Однако он знает, чтó больше всего волнует Вайгеле. Все этим интересуются, все расспрашивают о совокуплении, словно это для них самое главное; не добродетели, не борьба с собственной совестью из-за проблем духовных – все спрашивают об одном и том же. Это очень разочаровывает Нахмана; люди мало чем отличаются от животных. Когда заговариваешь с ними о совокуплении, обо всех этих вопросах ниже пояса, они заливаются краской.
– Разве есть что-то дурное в том, что один человек соединяется с другим? Разве совокупление – это плохо? Нужно отдаться этому занятию и не думать, в конце концов возникает удовольствие, которое и освящает сей акт. Но и без удовольствия хорошо, а может, даже лучше, потому что вы осознаете, что пересекаете Днестр и входите в свободную страну. Ты так себе это представляй, если хочешь.
– Не хочу, – отвечает Вайгеле.
Нахман вздыхает: вечно у женщин с этим проблемы. Видимо, они крепче держатся за старые законы; в конце концов, женщина по природе своей боязливее и стыдливее. Яков говорил, что это как с рабами – а женщины ведь в большей степени рабыни мира, – которые ничего не знают о свободе, их этому не учили.

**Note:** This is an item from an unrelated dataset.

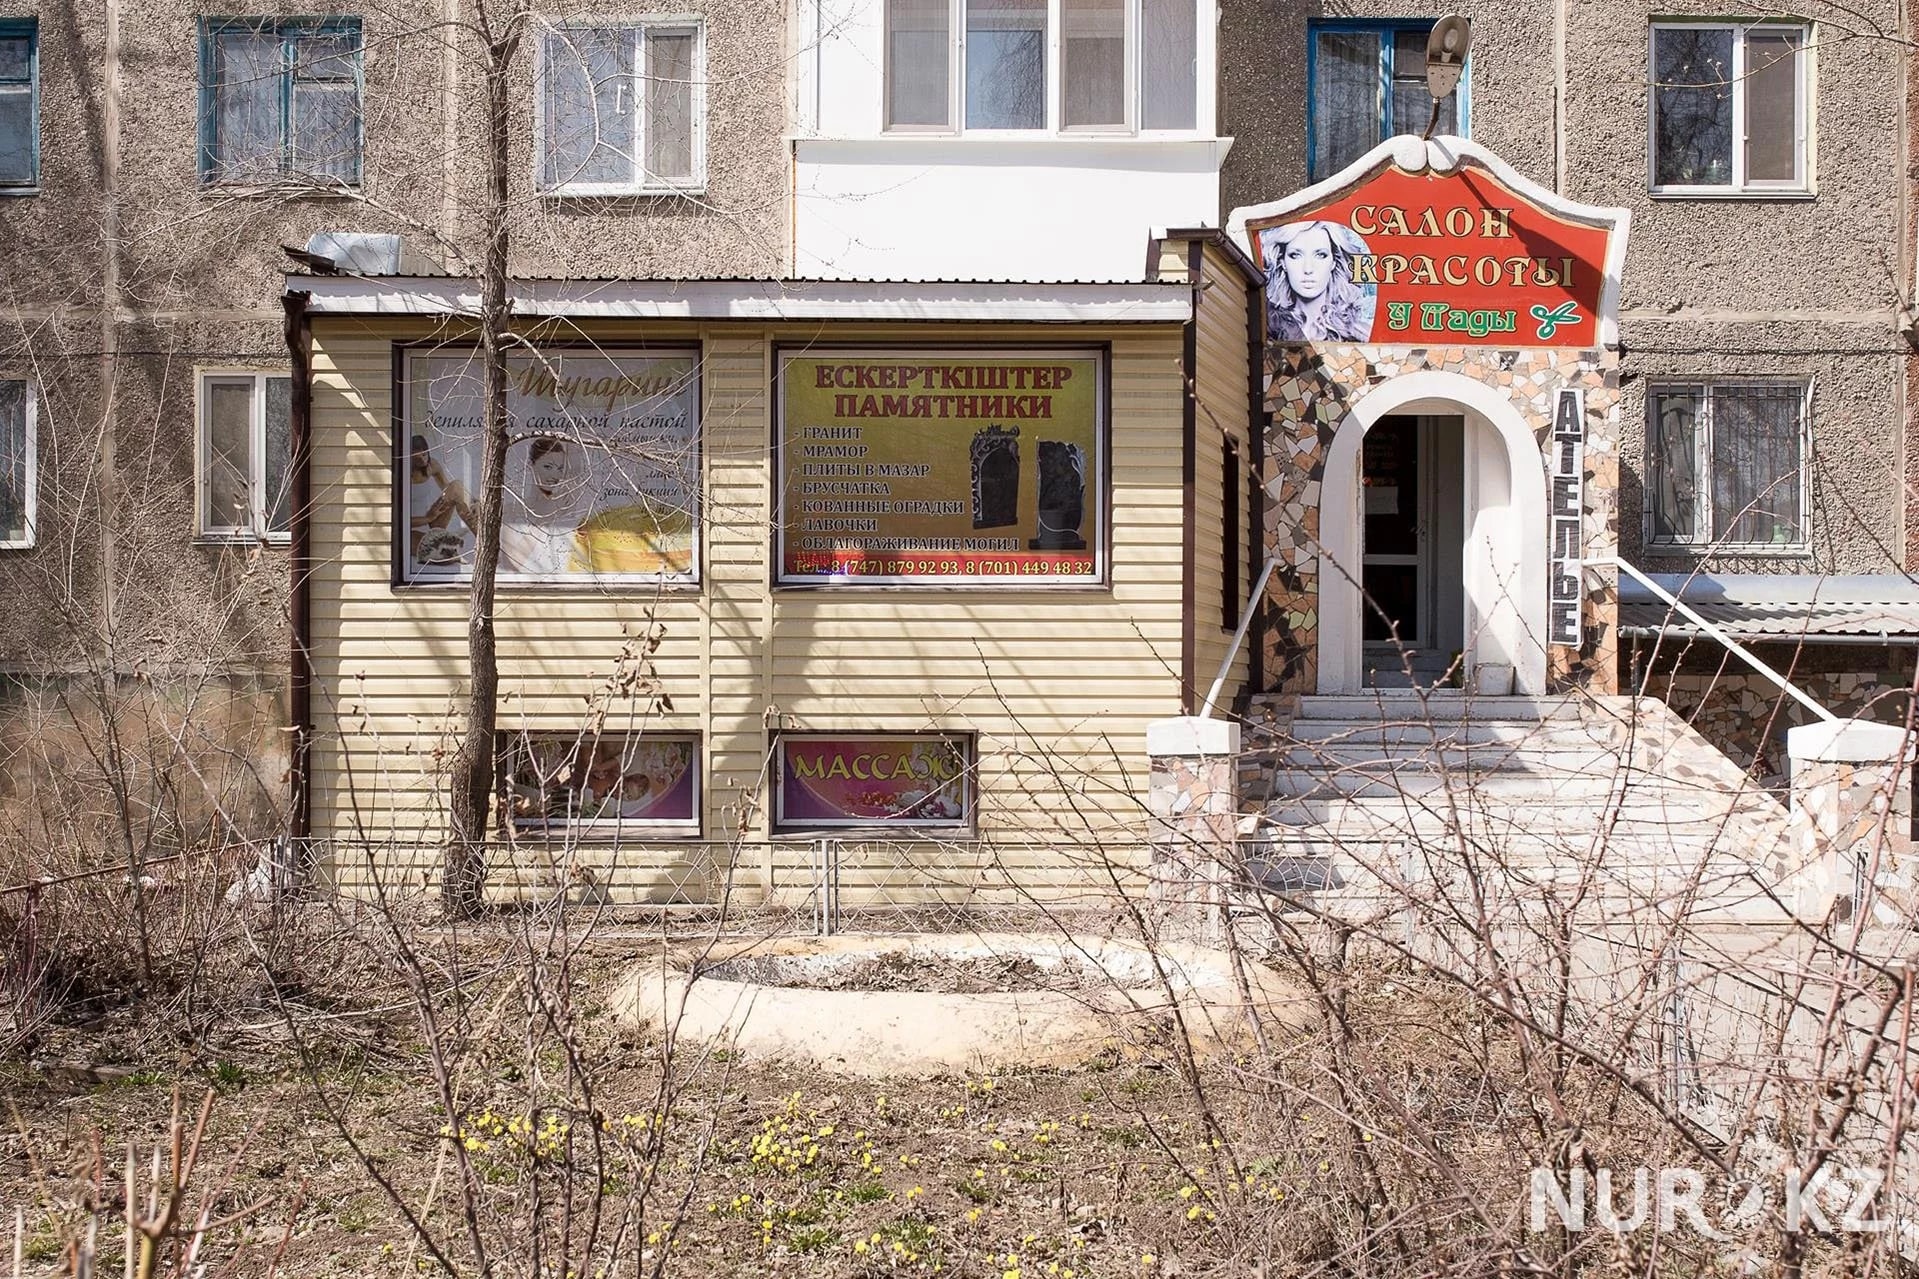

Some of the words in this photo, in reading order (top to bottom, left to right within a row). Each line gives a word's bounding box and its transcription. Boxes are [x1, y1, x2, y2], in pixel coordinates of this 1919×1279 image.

Люди опытные, те, кто постарше, пользуются этим, как некогда миквой. Тело и сердце сами стремятся к этому, и когда гасят свечи – это как праздник. Потому что соединяться – хорошо, нет ничего плохого в том, что кто-то с кем-то совокупляется. Между людьми, чьи тела слились друг с другом, возникает новая связь, особое единство, призрачное и смутное, поскольку нет слов, которые сумели бы точно передать характер таких отношений. И случается, что после этого люди становятся близки друг другу, словно брат и сестра, тянутся друг к другу, а другие – так тоже бывает – стыдятся друг друга и вынуждены привыкать. Бывают и такие, кто не может смотреть друг другу в глаза, тогда неизвестно, как все между ними сложится.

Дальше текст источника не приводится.